- Opening Delimiter -
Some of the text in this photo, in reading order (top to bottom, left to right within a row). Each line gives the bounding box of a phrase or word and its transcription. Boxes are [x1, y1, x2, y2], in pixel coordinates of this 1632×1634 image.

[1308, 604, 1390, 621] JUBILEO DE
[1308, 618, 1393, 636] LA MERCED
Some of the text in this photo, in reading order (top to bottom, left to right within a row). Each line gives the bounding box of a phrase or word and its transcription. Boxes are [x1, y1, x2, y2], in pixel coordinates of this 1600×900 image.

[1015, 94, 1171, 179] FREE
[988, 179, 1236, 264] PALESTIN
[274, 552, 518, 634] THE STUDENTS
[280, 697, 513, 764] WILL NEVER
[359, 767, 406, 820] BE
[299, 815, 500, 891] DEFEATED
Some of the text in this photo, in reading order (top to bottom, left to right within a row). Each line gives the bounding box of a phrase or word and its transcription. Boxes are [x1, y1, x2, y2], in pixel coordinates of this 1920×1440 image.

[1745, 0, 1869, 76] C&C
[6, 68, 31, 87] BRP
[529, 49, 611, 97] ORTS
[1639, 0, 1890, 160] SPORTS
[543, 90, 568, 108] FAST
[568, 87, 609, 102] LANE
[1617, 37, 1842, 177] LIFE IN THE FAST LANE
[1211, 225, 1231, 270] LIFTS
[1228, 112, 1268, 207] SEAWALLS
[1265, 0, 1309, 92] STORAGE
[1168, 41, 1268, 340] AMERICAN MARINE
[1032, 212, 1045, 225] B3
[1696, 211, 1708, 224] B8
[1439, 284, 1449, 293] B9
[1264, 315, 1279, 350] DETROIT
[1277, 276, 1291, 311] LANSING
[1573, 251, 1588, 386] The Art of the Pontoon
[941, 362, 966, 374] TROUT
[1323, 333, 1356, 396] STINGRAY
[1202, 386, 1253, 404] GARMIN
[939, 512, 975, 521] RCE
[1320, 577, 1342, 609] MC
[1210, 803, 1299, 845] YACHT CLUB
- Closing Delimiter -
Transcribe the entire listing. Leave every word as it is.

= Result for this exercise =
Some of the text in this photo, in reading order (top to bottom, left to right within a row). Each line gives the bounding box of a phrase or word and its transcription. Boxes are [x1, y1, x2, y2], in pixel coordinates of this 1632×1634 image.

[1308, 604, 1390, 621] JUBILEO DE
[1308, 618, 1393, 636] LA MERCED
Some of the text in this photo, in reading order (top to bottom, left to right within a row). Each line gives the bounding box of a phrase or word and its transcription. Boxes are [x1, y1, x2, y2], in pixel coordinates of this 1600×900 image.

[1015, 94, 1171, 179] FREE
[988, 179, 1236, 264] PALESTIN
[274, 552, 518, 634] THE STUDENTS
[280, 697, 513, 764] WILL NEVER
[359, 767, 406, 820] BE
[299, 815, 500, 891] DEFEATED
Some of the text in this photo, in reading order (top to bottom, left to right within a row). Each line gives the bounding box of a phrase or word and its transcription. Boxes are [x1, y1, x2, y2], in pixel coordinates of this 1920×1440 image.

[1745, 0, 1869, 76] C&C
[6, 68, 31, 87] BRP
[529, 49, 611, 97] ORTS
[1639, 0, 1890, 160] SPORTS
[543, 90, 568, 108] FAST
[568, 87, 609, 102] LANE
[1617, 37, 1842, 177] LIFE IN THE FAST LANE
[1211, 225, 1231, 270] LIFTS
[1228, 112, 1268, 207] SEAWALLS
[1265, 0, 1309, 92] STORAGE
[1168, 41, 1268, 340] AMERICAN MARINE
[1032, 212, 1045, 225] B3
[1696, 211, 1708, 224] B8
[1439, 284, 1449, 293] B9
[1264, 315, 1279, 350] DETROIT
[1277, 276, 1291, 311] LANSING
[1573, 251, 1588, 386] The Art of the Pontoon
[941, 362, 966, 374] TROUT
[1323, 333, 1356, 396] STINGRAY
[1202, 386, 1253, 404] GARMIN
[939, 512, 975, 521] RCE
[1320, 577, 1342, 609] MC
[1210, 803, 1299, 845] YACHT CLUB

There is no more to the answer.